South African Government Mulls Stricter Online Gambling Measures

South-Afric-Agains-Online-GamblingHas the South African government taken its toughest stance on internet gambling yet? If the new National Gambling Amendment Bill is anything to go by, industry experts agree that this is a new low reached by the Department of Trade and Industry. Last week, this government body published the new bill and showed that it meant business for South Africa’s online gambling industry. The bill proposes several ways to tackle what the DTI considers illegal online gambling, including the possibility of confiscating the money made by winners at these sites.

The Department of Trade and Industry put out an announcement this week stating that it was seeking public comments on the new bill. Comments will be received until November 15th of this year.

The invitation for comments has been published on the South African government website, along with the text of the bill. The majority of the clauses in the bill have been adopted by recommendations made in the National Gambling Policy 2016 policy paper which was published this year. Some of the recommendations include changing the South African National Gambling Board to the National Gambling Regulator, as well as a requirement to monitor the socio-economic patters of gambling activity.

In terms of additions to the South African gambling landscape, the new law will allow facilities to offer electronic forms of bingo. The condition, however, is that they should not look anything like traditional slot machines.
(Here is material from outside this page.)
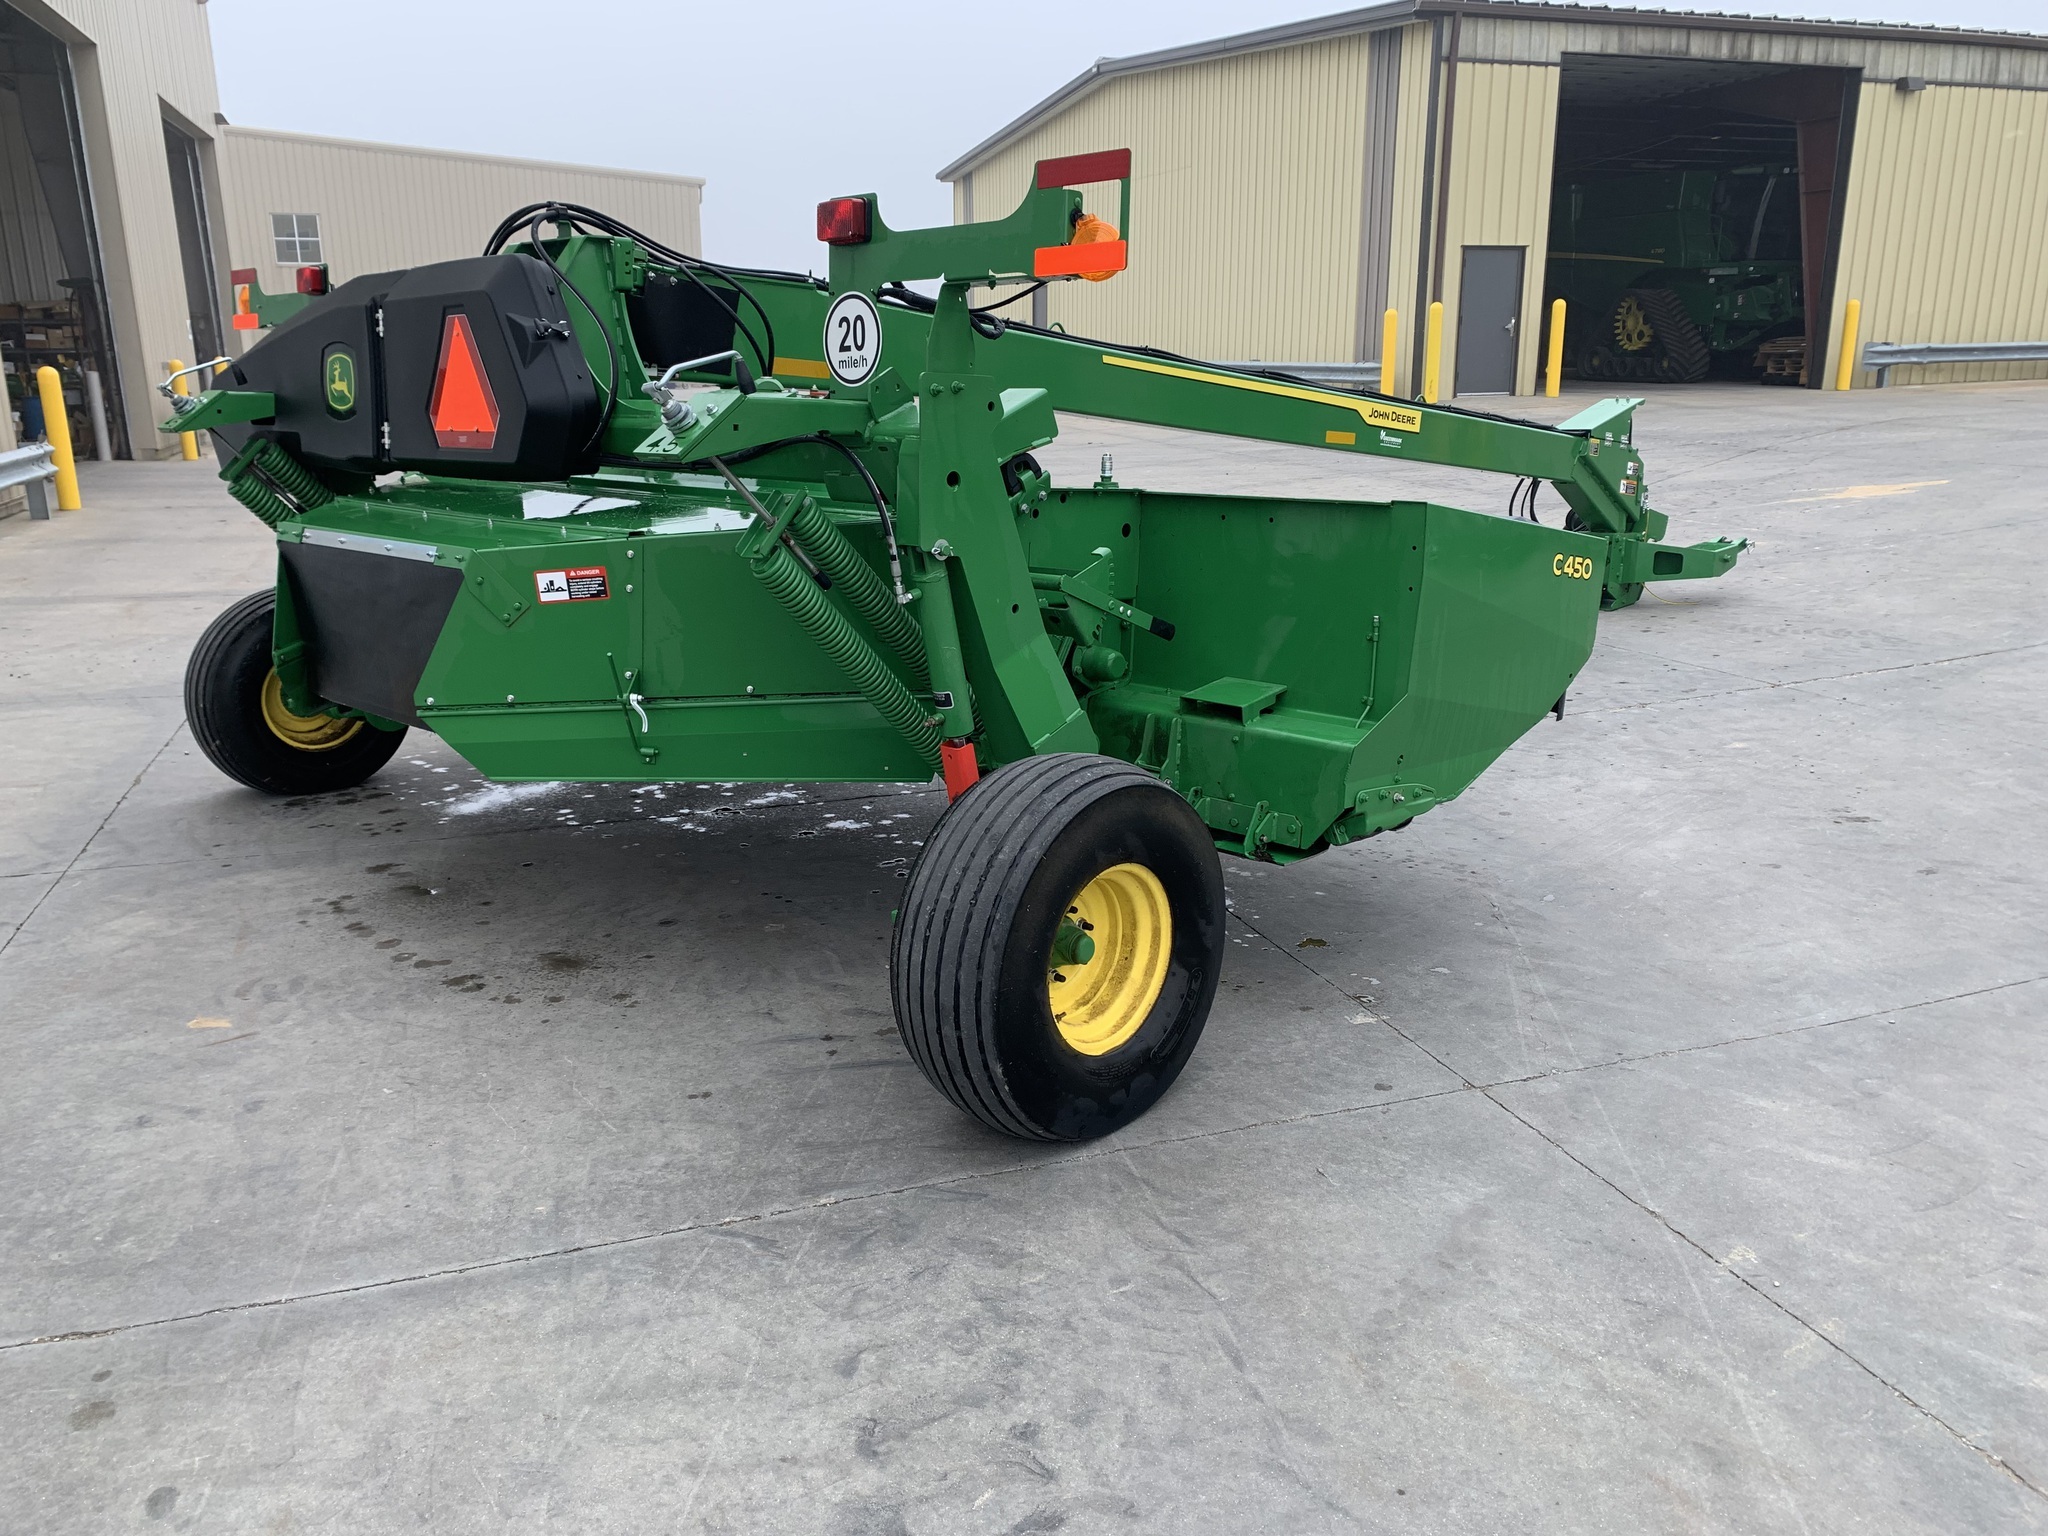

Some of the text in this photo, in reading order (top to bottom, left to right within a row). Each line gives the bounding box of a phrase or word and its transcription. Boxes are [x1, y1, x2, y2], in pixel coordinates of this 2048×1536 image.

One worrying factor for online gamblers is that the DTI wants to make changes to the 2004 Gambling Act with reference to winnings. Up until now, and according to the 2004 legislation, if the government wanted to confiscate gambling winnings, it first had to make an application to the High Court to get permission. The new legislation, ie.the National Gambling Amendment Act, will allow the National Gambling Regulator to automatically confiscate “illegal gambling winnings”.

Rob Davies, Department of Trade and Industry Minister issued a direct threat to players: “If you go online, we may not be able to stop you when you play the game, but when you win, we get you!” he said.

Under the new law, banks and other financial institutions will not be allowed to process payment transactions if the money is used to transfer funds to or from unauthorized online gambling sites.